Supplied material
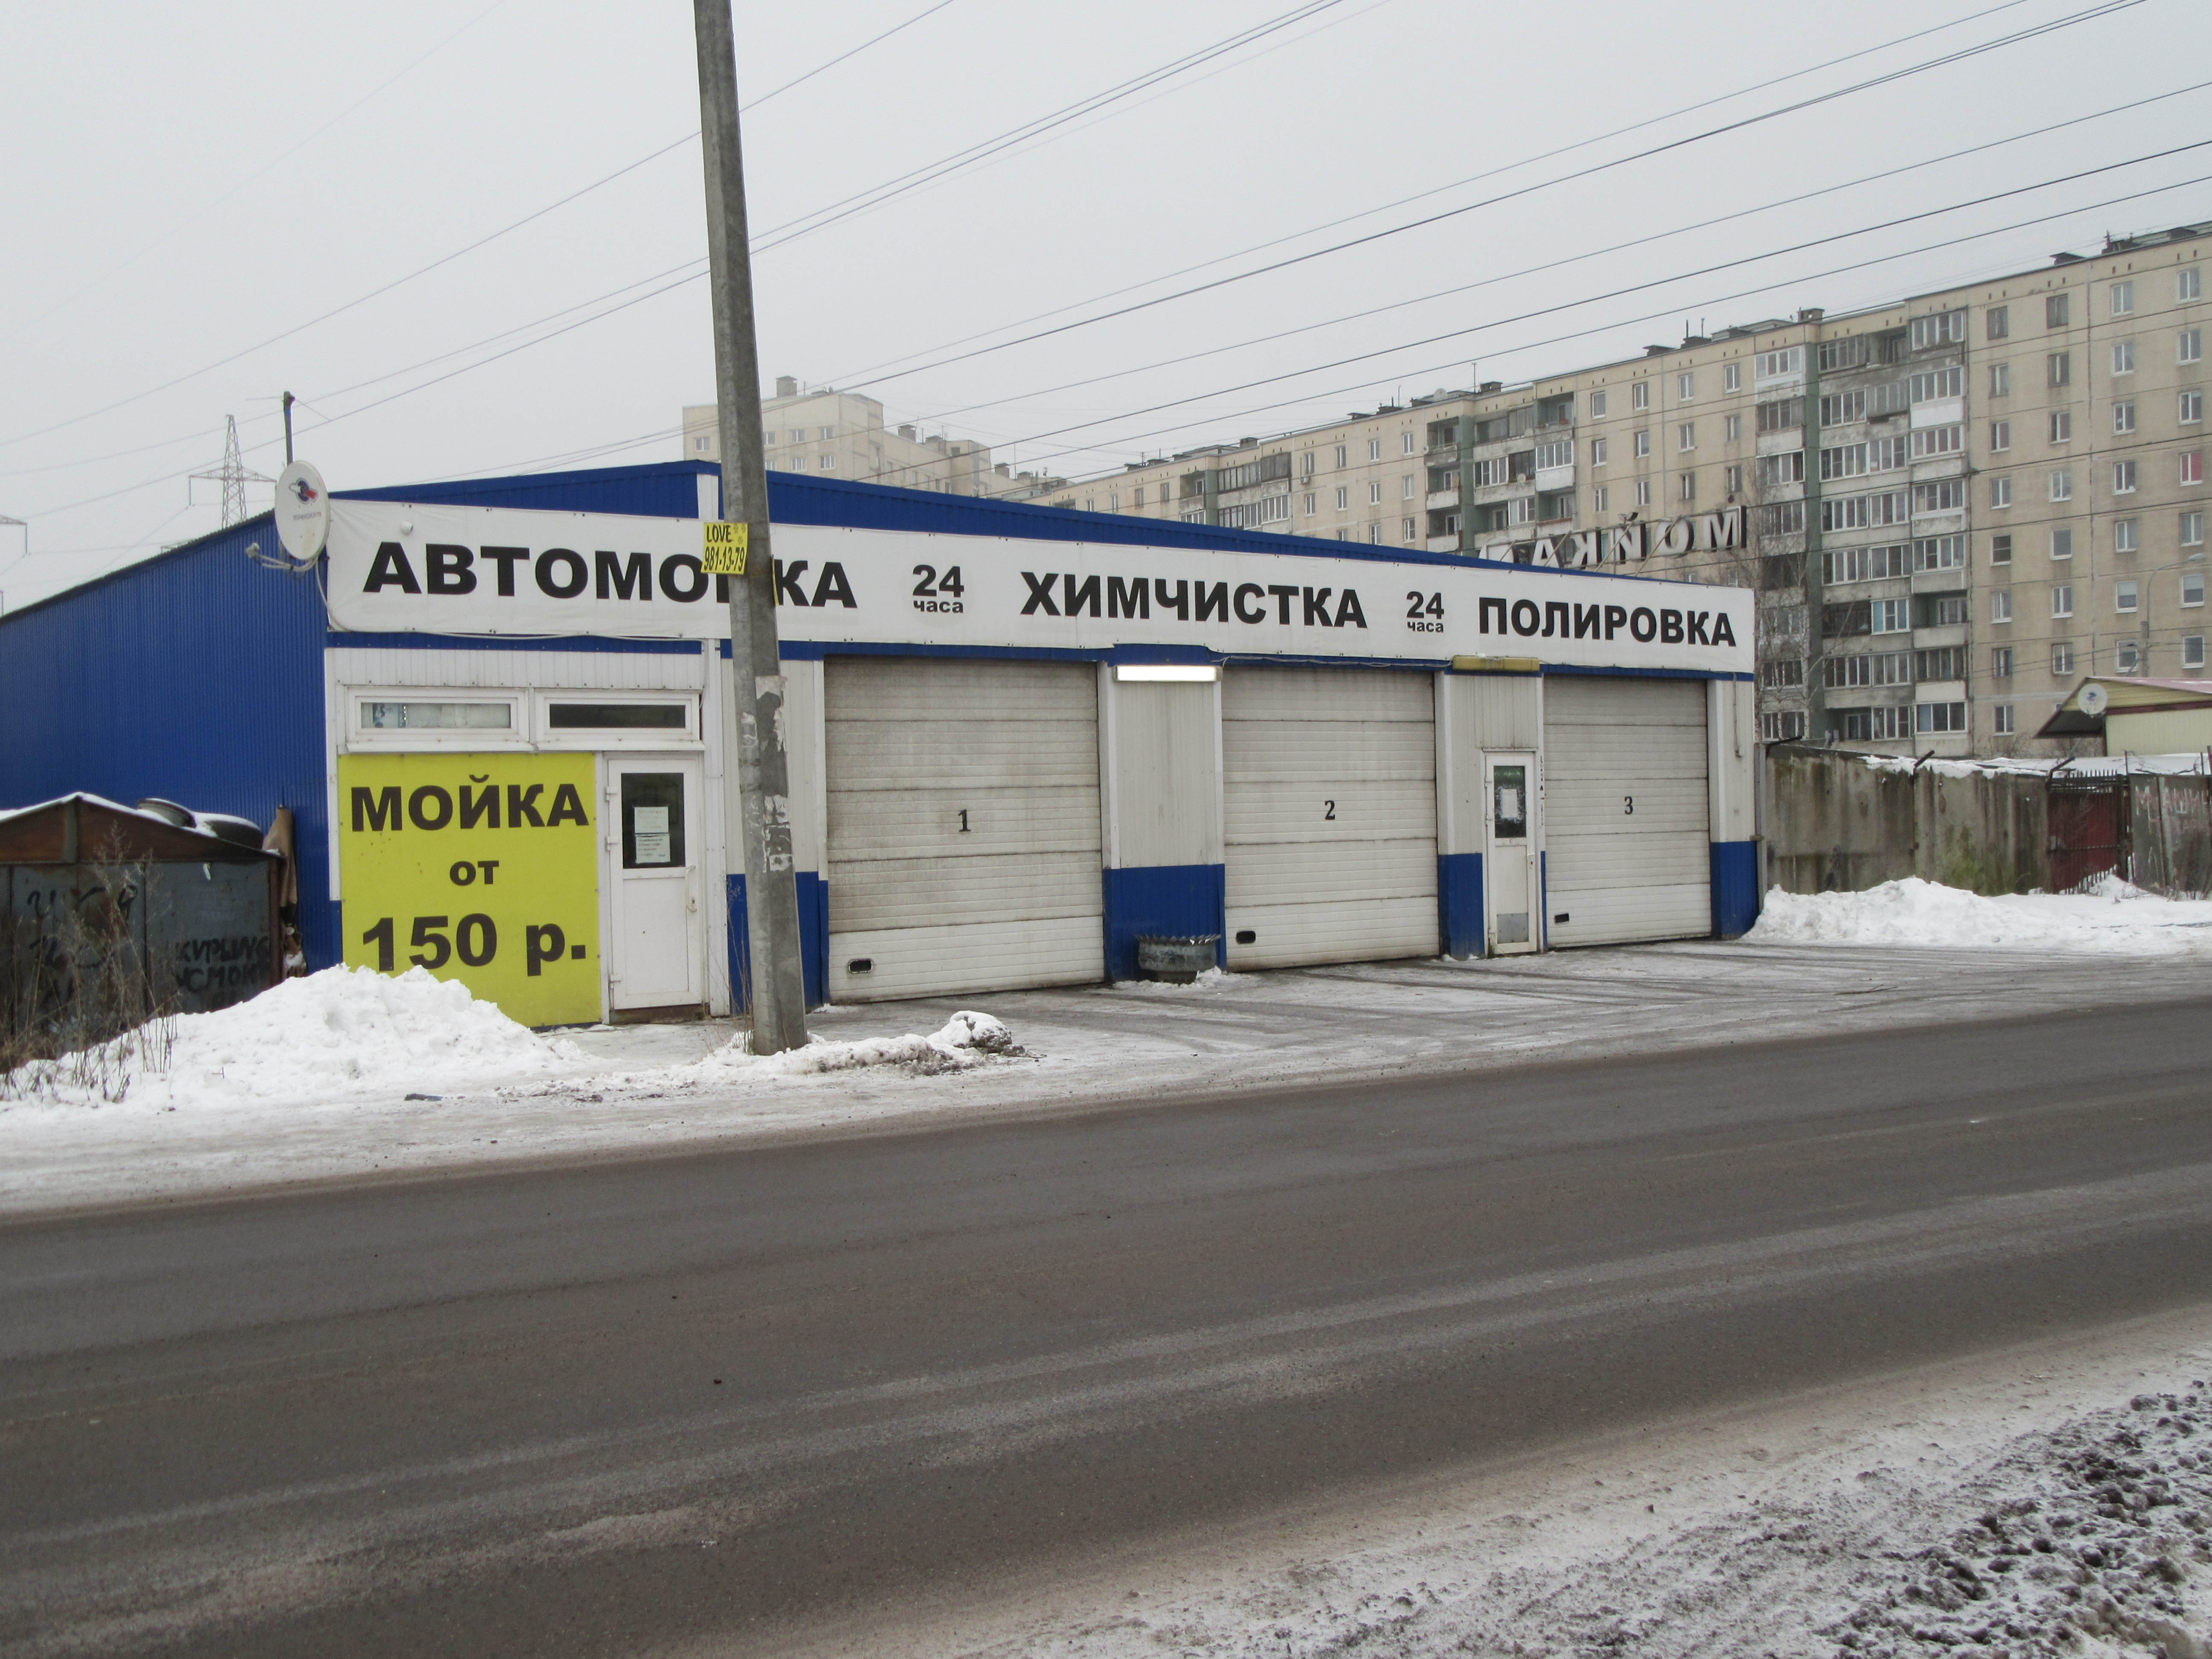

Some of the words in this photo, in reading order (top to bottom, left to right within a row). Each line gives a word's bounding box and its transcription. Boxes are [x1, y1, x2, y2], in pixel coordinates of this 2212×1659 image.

[707, 524, 733, 543] LOVE
[704, 547, 745, 571] 981-13-79
[363, 542, 857, 608] АВТОМОКА
[913, 565, 964, 597] 24
[914, 600, 963, 613] часа
[1021, 572, 1367, 628] ХИМЧИСТКА
[1407, 591, 1444, 620] 24
[1408, 621, 1444, 633] часа
[1479, 597, 1736, 647] ПОЛИРОВКА
[351, 774, 589, 832] МОЙКА
[1324, 800, 1335, 820] 2
[1624, 796, 1633, 815] 3
[958, 809, 971, 832] 1
[449, 860, 499, 886] от
[363, 913, 497, 971] 150
[526, 923, 586, 977] р.
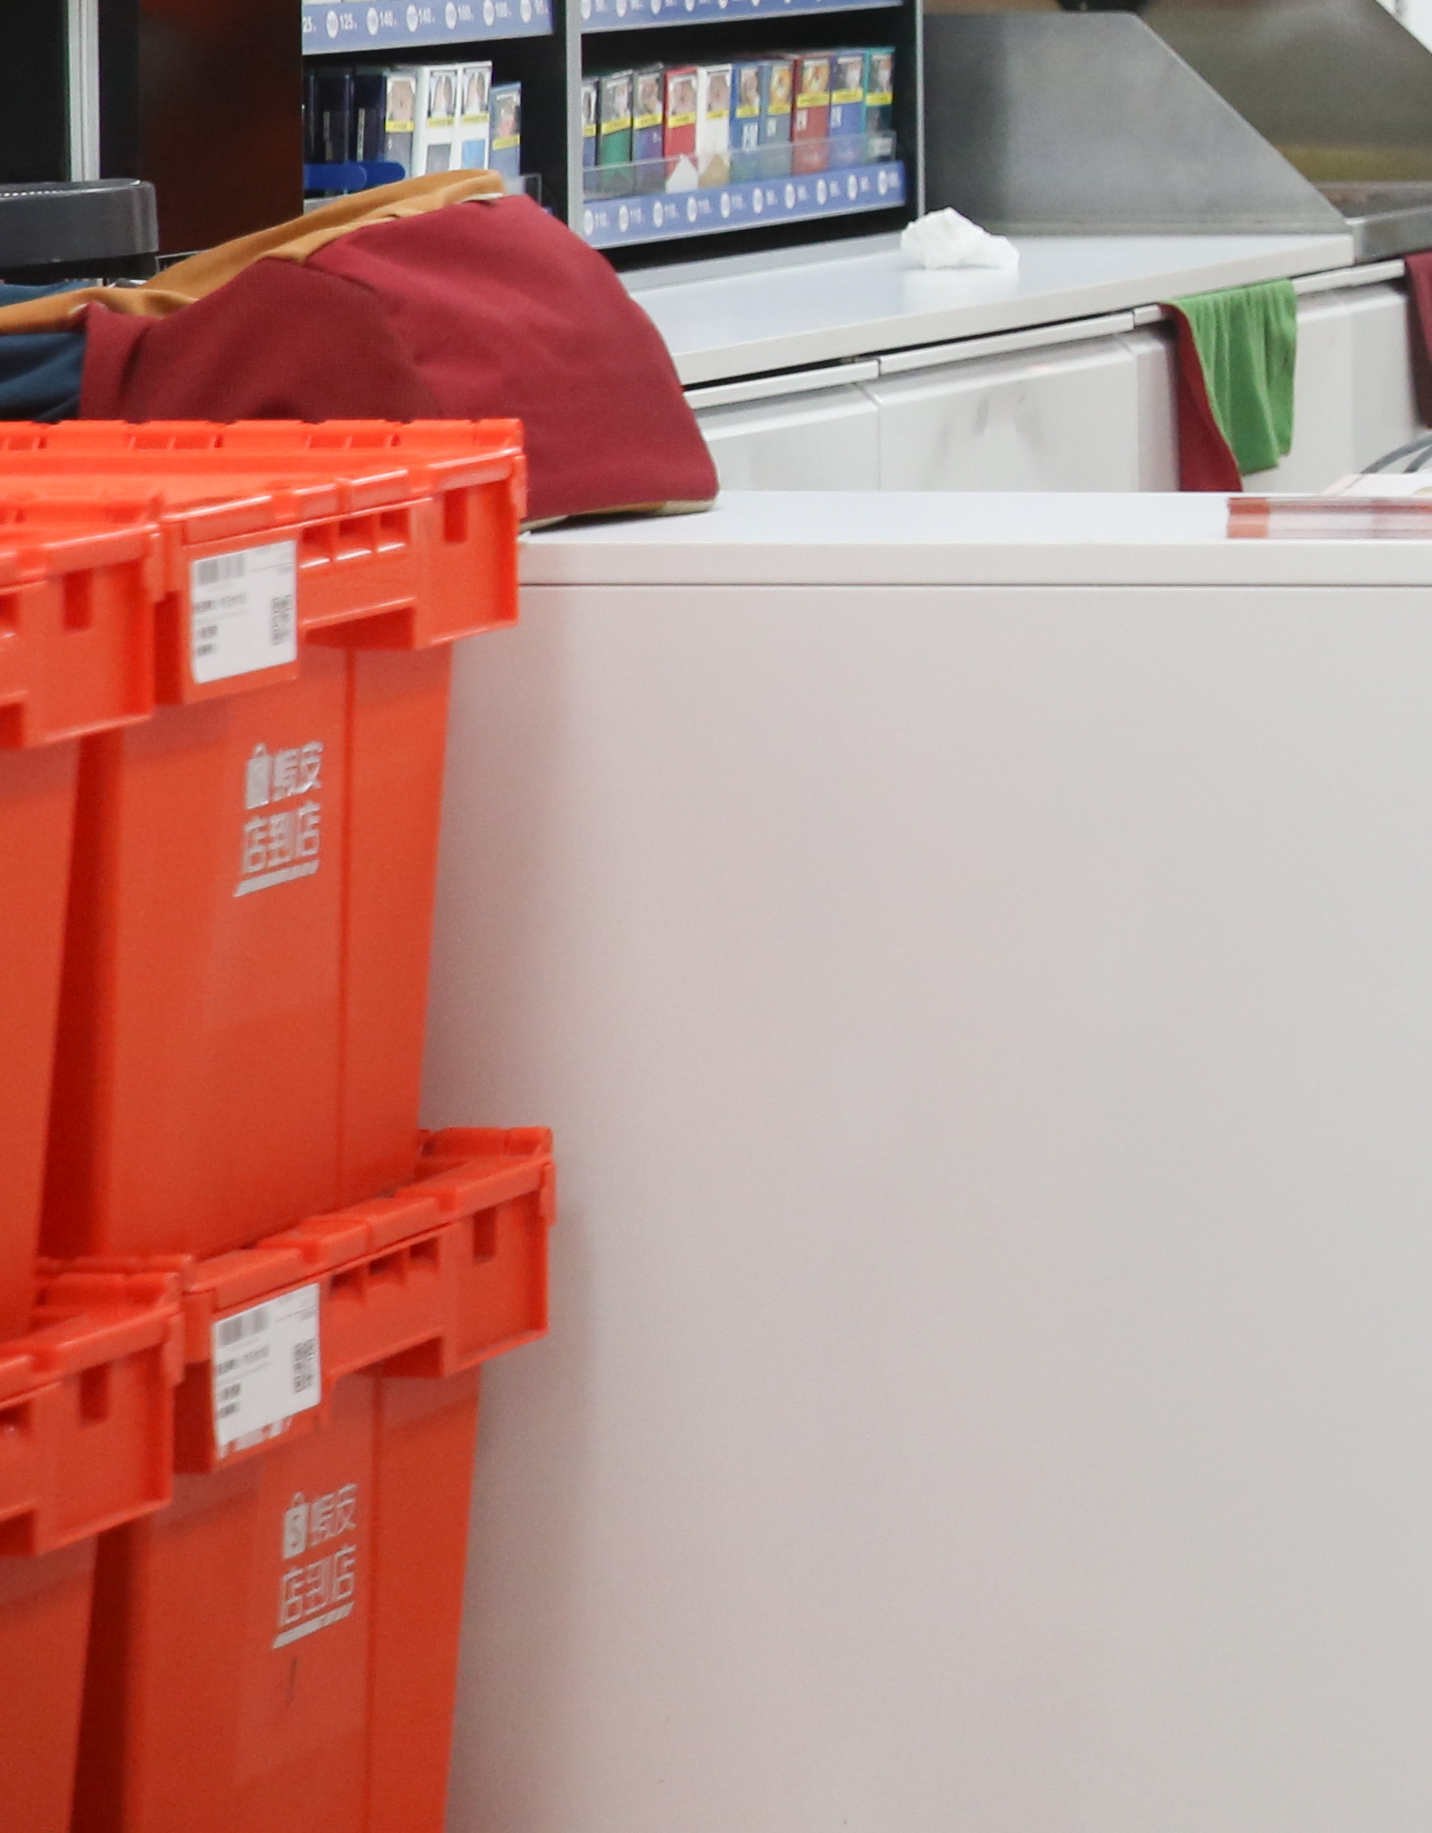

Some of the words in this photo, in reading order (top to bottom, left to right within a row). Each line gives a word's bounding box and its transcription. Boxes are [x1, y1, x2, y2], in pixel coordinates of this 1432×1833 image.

[244, 801, 320, 874] 店到店
[279, 1544, 356, 1627] 店到店

The task
The expected output is every record above, copied exactly, without pictures.

Task answer
Some of the words in this photo, in reading order (top to bottom, left to right within a row). Each line gives a word's bounding box and its transcription. Boxes are [x1, y1, x2, y2], in pixel coordinates of this 2212×1659 image.

[707, 524, 733, 543] LOVE
[704, 547, 745, 571] 981-13-79
[363, 542, 857, 608] АВТОМОКА
[913, 565, 964, 597] 24
[914, 600, 963, 613] часа
[1021, 572, 1367, 628] ХИМЧИСТКА
[1407, 591, 1444, 620] 24
[1408, 621, 1444, 633] часа
[1479, 597, 1736, 647] ПОЛИРОВКА
[351, 774, 589, 832] МОЙКА
[1324, 800, 1335, 820] 2
[1624, 796, 1633, 815] 3
[958, 809, 971, 832] 1
[449, 860, 499, 886] от
[363, 913, 497, 971] 150
[526, 923, 586, 977] р.

Some of the words in this photo, in reading order (top to bottom, left to right within a row). Each line gives a word's bounding box and its transcription. Boxes are [x1, y1, x2, y2], in pixel coordinates of this 1432×1833 image.

[244, 801, 320, 874] 店到店
[279, 1544, 356, 1627] 店到店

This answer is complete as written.